Les wearables c’est beau … mais pas très sécurisé !
Les wearables tels que les montres intelligentes font leur entrée dans l’entreprise, présentant de nouveaux risques et défis pour la sécurité. Les données stockées dans les montres intelligentes et les autres appareils personnels intelligents sont vulnérables et pourraient même être utilisées par des pirates pour capturer de l’audio et de la vidéo via des Trojans d’accès à distance. Les entreprises qui autorisent l’utilisation de ces appareils doivent assurer leur protection via des mots de passe et des technologies de chiffrement renforcées.
Trains, avions et véhicules connectés… autant de portes d’entrée pour les hackers !
2015 est l’année de l’émergence du piratage de véhicules : leurs logiciels embarqués sont détournés afin de prendre le contrôle des véhicules. En juillet, Fiat Chrysler a rappelé 1,4 millions de véhicules Jeep Cherokee aux États-Unis après que des chercheurs aient découvert qu’ils pouvaient être piratés via le système de divertissement connecté. Avec plus de gadgets et de systèmes connectés que jamais dans les véhicules modernes, nous devons protéger ces systèmes. Il en va de même pour les systèmes complexes des avions de ligne, des trains et autres formes de transport public.

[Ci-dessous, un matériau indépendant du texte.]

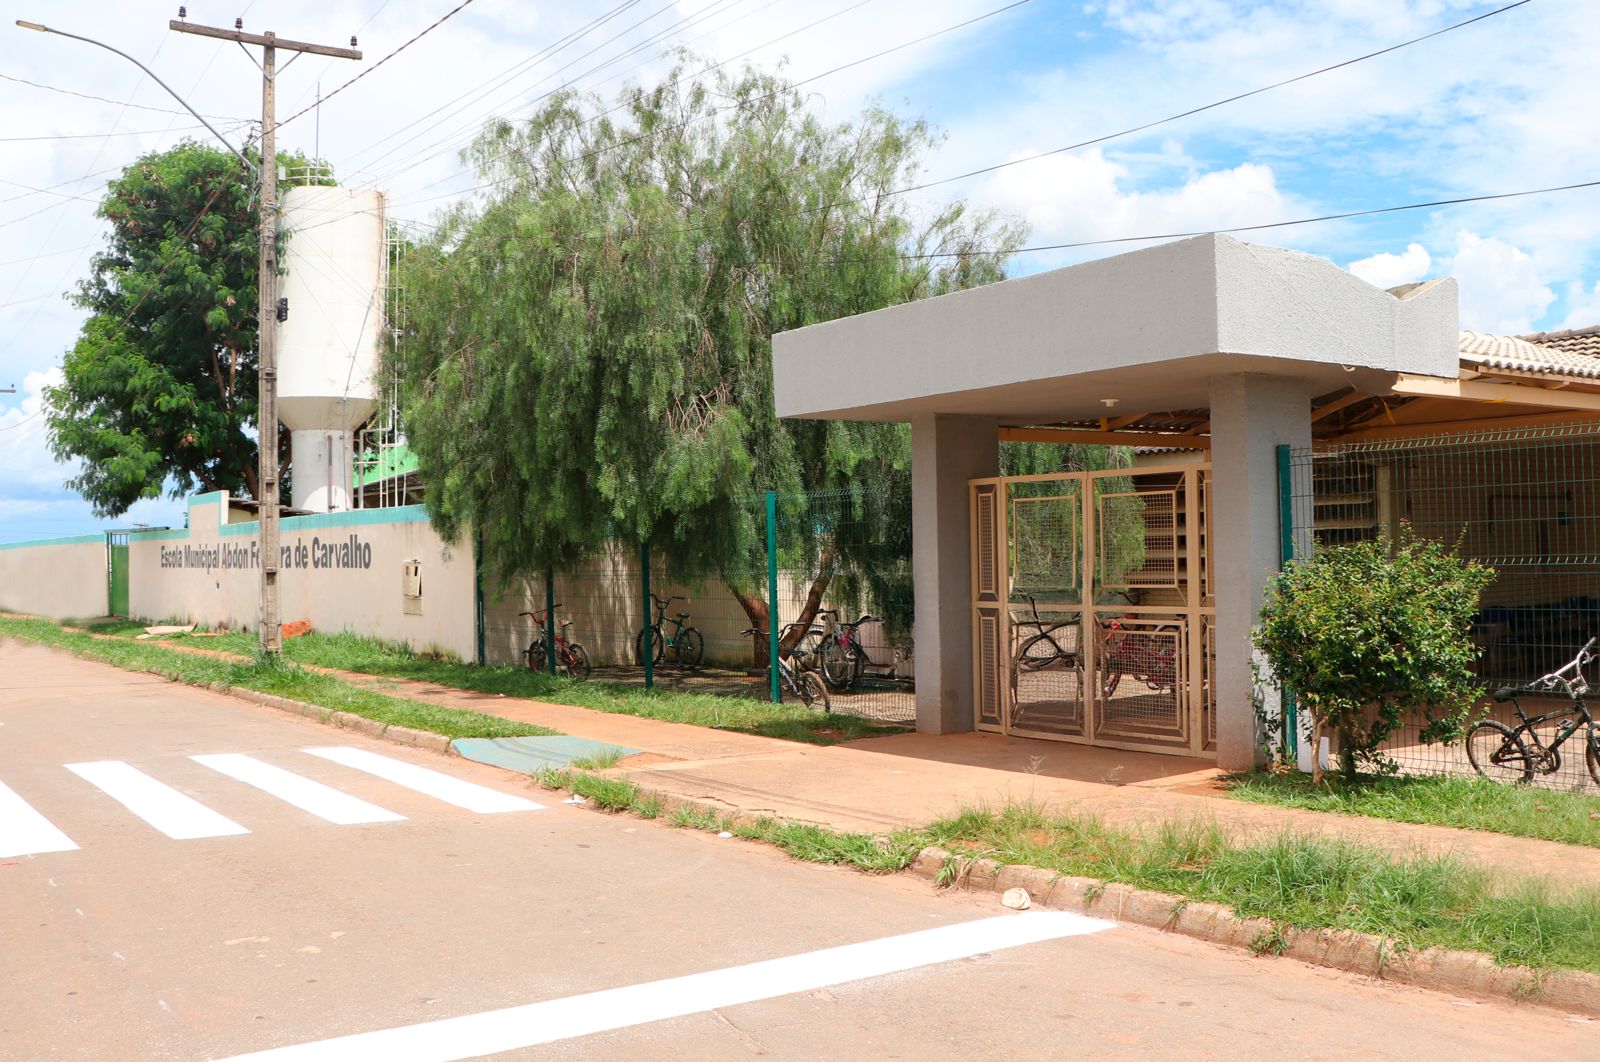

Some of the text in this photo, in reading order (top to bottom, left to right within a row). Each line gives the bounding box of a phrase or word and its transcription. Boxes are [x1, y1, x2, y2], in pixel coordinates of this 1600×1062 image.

[161, 545, 182, 568] Escola
[184, 544, 219, 574] Municipal
[221, 542, 248, 569] Abdon
[295, 537, 308, 569] de
[312, 534, 371, 569] Carvalho

Véritable sécurité pour les environnements virtuels
La virtualisation a été rapidement adoptée par les entreprises au cours des dernières années, que ce soit via SDN, NFV ou le Cloud. Les environnements virtualisés sont complexes et créent de nouvelles couches réseau. C’est seulement maintenant que nous comprenons réellement comment protéger ces environnements. Lorsque les entreprises migrent vers des environnements virtualisés, la sécurité doit être conçue dès le départ pour offrir une protection efficace.
Nouveaux environnements, nouvelles menaces
2015 était également l’année du lancement de plusieurs nouveaux systèmes d’exploitation, tels que Windows 10 et iOS 9. La majeure partie des attaques menées contre les entreprises ces dernières années ciblaient Windows 7, en raison de la faible adoption de Windows 8. Mais avec Windows 10 et son offre de téléchargement gratuit, les cybercriminels vont donc tenter d’exploiter ce nouveau système d’exploitation. Ses mises à jour sont plus fréquentes et les utilisateurs maîtrisent moins son environnement.
La consolidation de la sécurité pour la simplifier !
Pour se protéger contre les menaces multiformes, les professionnels de la sécurité sont susceptibles de se tourner vers des solutions d’administration centralisée de la sécurité. Les grandes entreprises qui possèdent pléthore de différents produits de sécurité sur leur réseau verront la consolidation comme un moyen de réduire à la fois coût et complexité. La multitude de solutions et de produits individuels devient rapidement ingérable et peut effectivement entraver la sécurité plutôt que l’améliorer. La consolidation de la sécurité fournit un moyen efficace de réduire la complexité afin que les nouvelles menaces ne s’égarent pas entre les mailles des différents systèmes.